O PS com vergonha da sua história


 


O parlamento aprovou um voto de saudação pela passagem dos quarenta anos do 25 de Novembro de 1975. Não fez mais que a sua obrigação. Sem o 25 de Novembro, ou seja, sem os militares do chamado "grupo dos Nove", sem Costa Gomes (sim, Costa Gomes), sem Mário Soares no plano civil, aquela que é hoje a Assembleia da República teria tido uma "história" bem distinta da que ficou estabelecida. Aliás, os famosos "acordos" de Novembro de 2015, bilateralizados entre o PS, o PC e a extrema-esquerda, só foram possíveis porque houve o 25 de Novembro de 1975. Mesmo assim seis deputados do PS aliaram-se ao PC e à extrema-esquerda contra o voto. O grosso do PS  absteve-se envergonhadamente. O que quer dizer que o PS actual convive mal com o seu lastro social-democrata. E que privilegia temores reverenciais perante outros que jamais os terão por ele. O limite para as "convergências objectivas" devia ser o da literacia democrática. Pelos vistos já não é.


 


Foto: Expresso

10.12.15

Nóvoa noves fora nada


Enquanto comia uma maçã, assisti de pé à entrevista de António Nóvoa à SIC ontem à noite. Reparei que foi mais curta que a de Marcelo. Não se perdeu nada. O homem referiu-se mais do que uma vez a antigos Presidentes que o apoiam. A Eanes, pelo menos duas. Aliás, nos cartazes que espalhou por aí Nóvoa nem sequer aparece. O que se lê são frases dos três: Soares, Sampaio e Eanes. De resto, nada. Nóvoa pretende cavalgar o chamado "novo ciclo" pelo que se deixou de "desassossegos". O respeitinho é bonito e no "tempo novo" manda Costa que ele babujou o tempo inteiro. Mesmo assim o que transpareceu foi um tipo atarantado com aquilo em que se enfiou. Que divide efusivamente o país entre "esquerda" e "direita". Da mesma maneira que, num lindo momento folclórico, o dividiu entre o Norte e o Sul: "tudo no meu corpo é Minho, todo o meu corpo é Norte". Até me engasguei.

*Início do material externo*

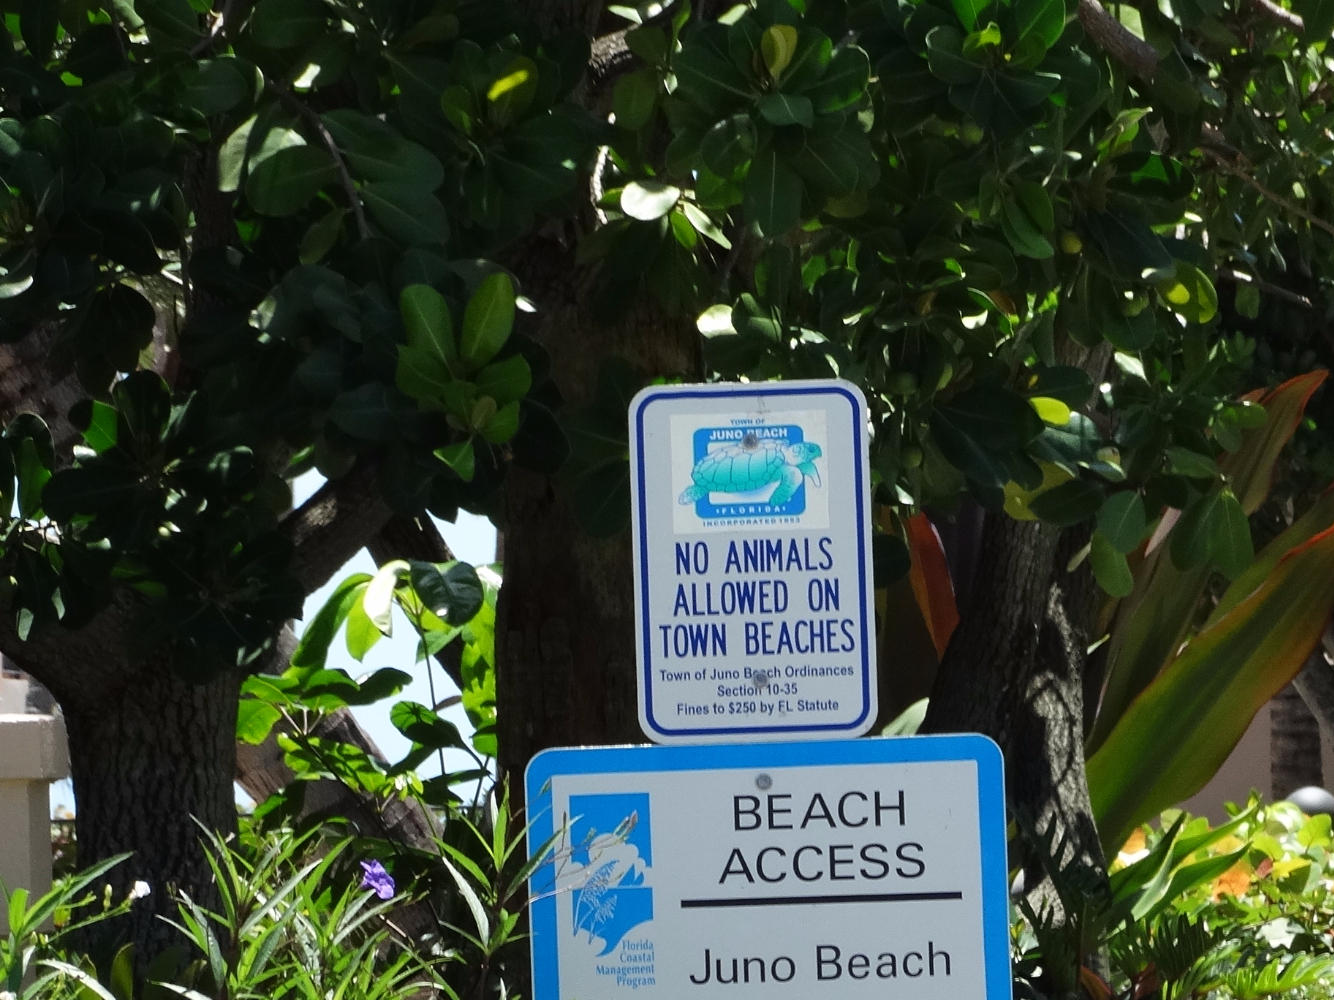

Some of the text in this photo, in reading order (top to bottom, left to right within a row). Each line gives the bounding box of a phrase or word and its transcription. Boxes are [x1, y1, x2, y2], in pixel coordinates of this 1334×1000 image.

Não ressuma ali um vestígio de uma ideia ou do que quer que seja que justifique um putativo voto. Como escreve Manuel Maria Carrilho, "nunca foi politicamente nada, a não ser, aos 60 anos, um ilustre desconhecido da política promovido a candidato presidencial por uma “ardente” brigada do reumático."